A sealed judicial docket raises general concerns about transparency and accountability. But these concerns are even more troubling in the context of location tracking. Location information reveals a wealth of detailed personal information - about trips to the psychiatrist, abortion clinic, mosque, or anarchist meeting. The courts are divided on the legal standard the government must satisfy to obtain cell-site location information. And Congress and state legislatures are considering legislation that would require law enforcement to obtain warrants based on probable cause to obtain location information. We, as a society, are engaged in a vigorous debate about location information, and the protections that should apply before the government can use it to track us. But we cannot engage in a meaningful or informed debate if we don't even know what the government is up to.
The ACLU-NC's two new initiatives are designed to combat exactly this secrecy. In the first, we have filed a motion to unseal the orders in the case of Daniel Rigmaiden. In 2008, the government applied under seal for an order to authorize the use of a little known device called a "stingray," to track his location. A stingray is able to pinpoint the location of a target cellphone by mimicking a cell tower and sending and receiving signals to and from the target. The federal court granted the order under seal, and the government's application and the court order have remained under seal ever since.

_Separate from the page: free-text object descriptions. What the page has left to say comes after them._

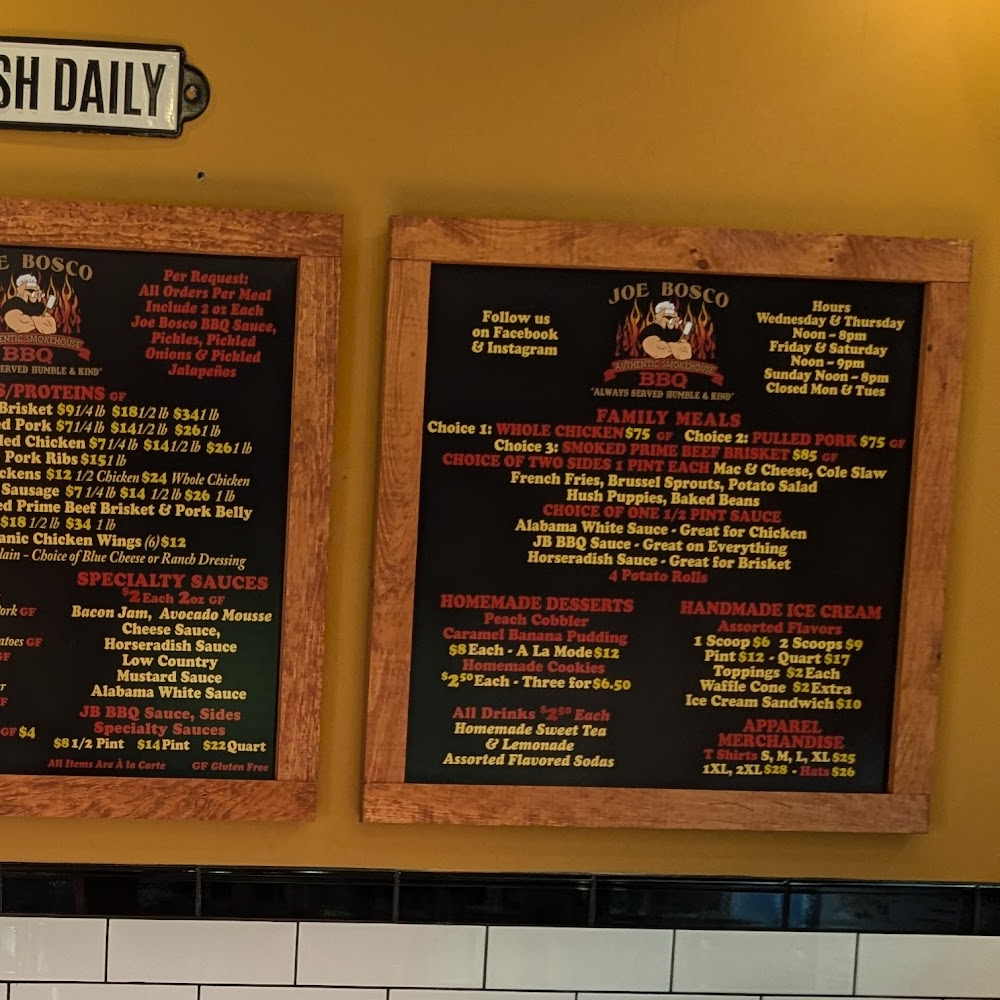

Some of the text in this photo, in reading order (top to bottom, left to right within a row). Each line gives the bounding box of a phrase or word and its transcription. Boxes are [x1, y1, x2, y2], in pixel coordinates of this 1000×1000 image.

[54, 58, 166, 116] DAILY
[164, 270, 248, 286] Per Request:
[608, 282, 730, 308] JOE BOSCO
[812, 301, 851, 313] Hours
[482, 310, 550, 324] Follow us
[757, 312, 905, 331] Wednesday & Thursday
[472, 326, 558, 340] on Facebook
[27, 335, 84, 348] SMOKEHOUSE
[472, 341, 557, 357] & Instagram
[32, 366, 67, 375] HUMBLE
[69, 367, 75, 375] &
[639, 372, 688, 388] BBQ
[110, 392, 126, 401] GF
[766, 382, 885, 396] Closed Mon & Tues
[597, 409, 740, 427] FAMILY MEALS
[511, 471, 817, 493] French Fries, Brussel Sprouts, Potato Salad
[17, 499, 61, 513] Prime
[65, 501, 97, 514] Beef
[100, 502, 155, 515] Brisket
[159, 503, 171, 516] &
[175, 504, 211, 517] Pork
[215, 505, 253, 521] Belly
[77, 572, 268, 590] SPECIALTY SAUCES
[441, 594, 633, 612] HOMEMADE DESSERTS
[680, 601, 881, 619] HANDMADE ICE CREAM
[122, 622, 220, 639] Cheese Sauce,
[104, 638, 237, 652] Horseradish Sauce
[122, 654, 218, 670] Low Country
[117, 669, 222, 683] Mustard Sauce
[91, 684, 247, 699] Alabama White Sauce
[454, 722, 606, 736] Homemade Sweet Tea
[743, 719, 821, 733] APPAREL
[486, 738, 574, 751] & Lemonade
[719, 733, 843, 749] MERCHANDISE
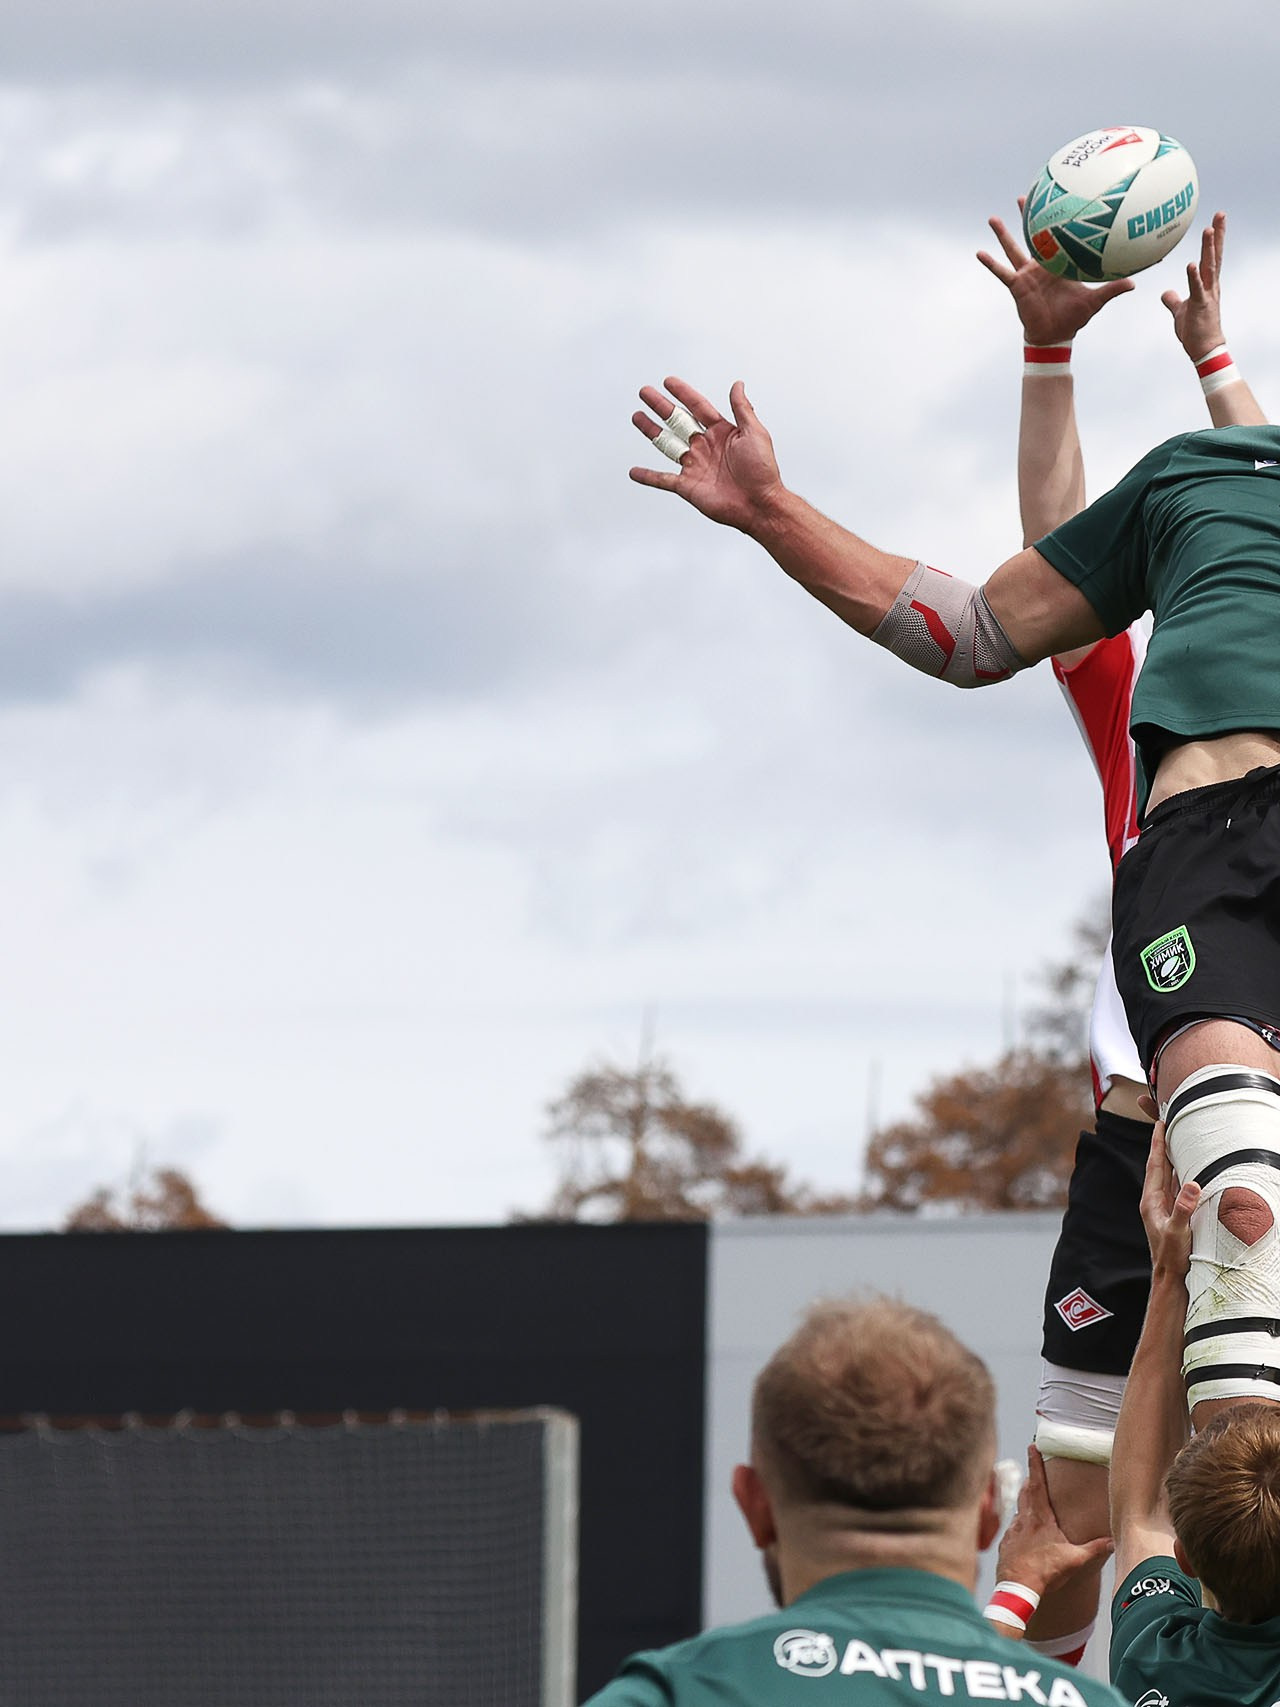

Last fall, the Wall Street Journal broke the story of the stingray and Mr. Rigmaiden, who is now being criminally prosecuted in federal court in Arizona. But even though his case promises to yield the first court opinion on the Fourth Amendment implications of using a stingray to track someone's location, and even though the investigation in Mr. Rigmaiden's case is long over, the order authorizing the government to use the stingray device remains under seal and unavailable to the public.
Our motion asks the court to unseal the order so the public can view it. Unsealing the orders would be an important victory for transparency, but the case also highlights a much larger problem. It cannot be that the doors to the courthouse open only when lawyers specifically ask for access.
Because the entire judicial docket is often sealed when it comes to surveillance orders, the public is prevented from learning anything about the location tracking technology being used by the government and the legal standard that courts are applying in authorizing the use of evolving technology. Worse yet, the sealed docket means that the public is kept completely in the dark. If we don't even know about the existence of surveillance orders, we can't ask for access to them.
For this reason, the ACLU-NC, along with the San Francisco Bay Guardian, also filed a lawsuit today under the Freedom of Information Act against the Department of Justice for information about all of its requests, subpoenas, and applications for court orders or warrants about location tracking information. This follows-up on an earlier FOIA lawsuit brought by the ACLU and the Electronic Frontier Foundation seeking information about location tracking through cellphones. We know from Mr. Rigmaiden's case that the government is now using different forms of location tracking technology. When it comes to privacy and intrusive new forms of government surveillance, we have a right to know exactly what the government is up to.